|Year : 2022 | Volume
| Issue : 3 | Page : 97-99
Understanding suicide: A biopsychosocial framework
Institute of Psychiatry and Behavioural Sciences, Sir Ganga Ram Hospital, New Delhi, India
|Date of Submission||02-Jun-2022|
|Date of Decision||06-Jun-2022|
|Date of Acceptance||08-Jun-2022|
|Date of Web Publication||30-Jun-2022|
Dr. Soumya Tandon
Sir Ganga Ram Hospital, Delhi
Source of Support: None, Conflict of Interest: None
|How to cite this article:|
Tandon S. Understanding suicide: A biopsychosocial framework. Curr Med Res Pract 2022;12:97-9
The World Health Organization reports that around 8 lakh people die by suicide each year. This accounts for about 1.5% of all deaths globally. Suicide is also the leading cause of death worldwide in the age group of 15–24 years. The underlying risk factors for suicide have been evaluated both at individual and population levels. These factors are known to be mediated in turn by genetic factors, psychological factors and personality characteristics. An understanding of 'life course analysis' gives an overview that different risk factors play a role at different stages of life and the outcome, i.e., deliberate self-harm/suicide could be seen as a cumulative result of these factors over the lifespan of an individual.

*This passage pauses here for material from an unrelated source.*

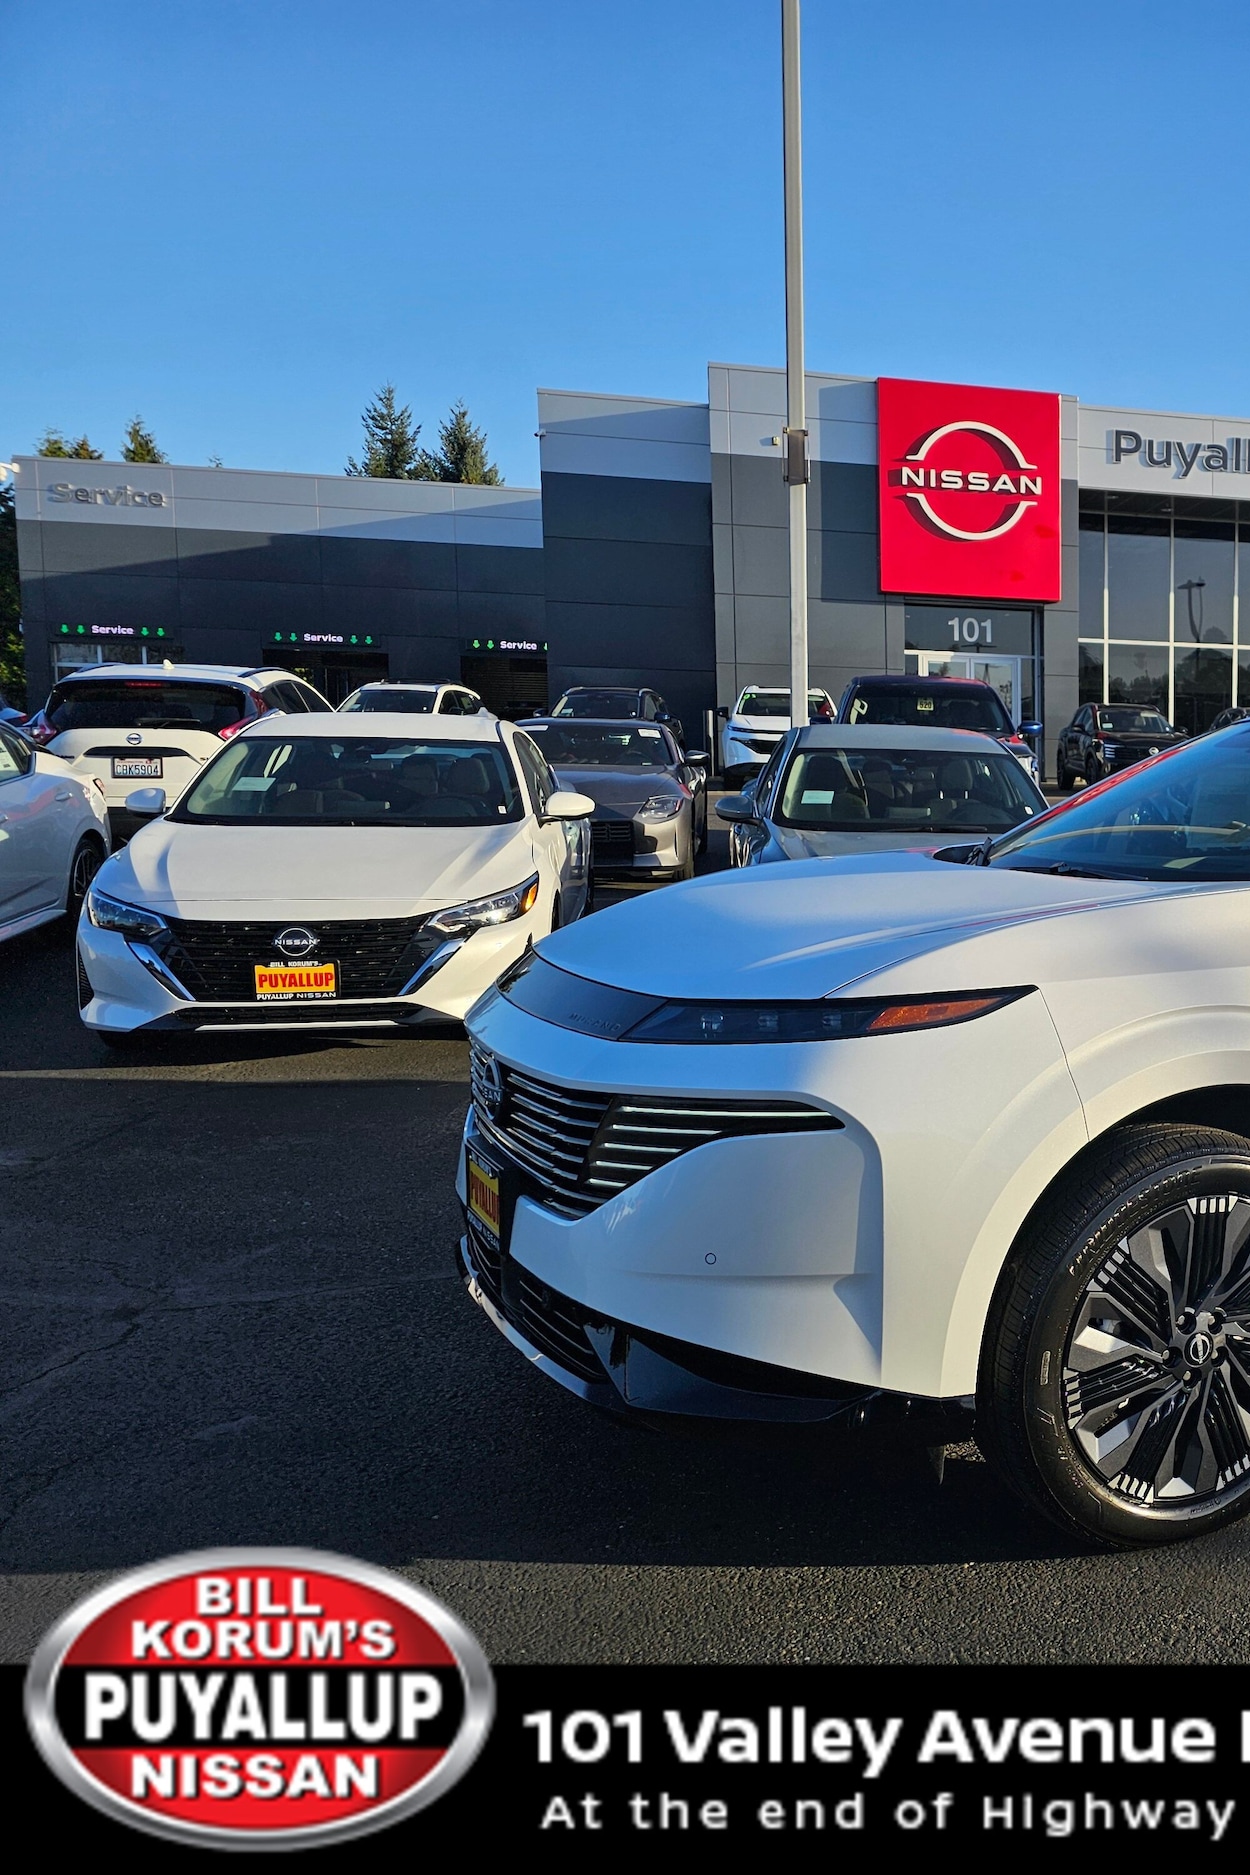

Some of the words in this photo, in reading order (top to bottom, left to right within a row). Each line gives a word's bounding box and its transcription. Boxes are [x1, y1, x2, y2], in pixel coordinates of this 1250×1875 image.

As discussed prior, individual factors are crucial for the understanding of suicidal behaviour. These include psychiatric disorders that are known to have the strongest effect on suicide. These include depressive disorders, bipolar affective disorder, schizophrenia and substance use disorders. Other disorders include traumatic brain injury and seizure disorder. Other factors included are a history of suicidal attempt(s), early parental loss or family history of suicide. Information obtained for persons who have committed suicide, by means of 'psychological autopsy' has indicated that mood and substance use disorders are the major risk factors.
Data from high-income countries estimate that psychiatric disorders are present in 30%–50% of those who have died by suicide. On the other hand, suicide can also occur in the absence of an identifiable risk factor. There is a role of precipitating (e.g. disturbed interpersonal relationships, difficulties with spouse and marital separation/divorce and suicide of someone close) and predisposing factors (e.g. tendency to ruminate, irritability, various levels of anxiousness and sleep disturbances) for people who have committed suicide. These factors interact with the resilience that acts as a protective factor. Overall, cumulative factors add up to induce psychological symptoms of feeling alone, having hopelessness and social withdrawal. This combined with access to lethal means can allow for acts of deliberate self-harm/suicidal behaviour.
On a population-based level, the COVID-19 pandemic has played an important role in the context of increase in suicidal behaviour. The COVID-19 pandemic resulted in social isolation, lack of a routine/structure, job losses, financial instability, psychosocial problems, stigma, fear of contracting the infection and stress and mass panic. COVID-19 has been known to be associated with mild-severe cytokine storms. Interleukin-6 (IL-6) plays a role in cytokine storm and blockade in this signal transduction pathway is known to improve outcomes (e.g. tocilizumab). In addition, IL-6 levels have also been found to be elevated in CSF of patients with suicidal attempts. This possibly adds a new perspective to the role of immunity in patients with suicidal behaviour. Hence, a combination of biological factors, immune-mediated mechanisms and proneness to stress may lead vulnerability to suicide.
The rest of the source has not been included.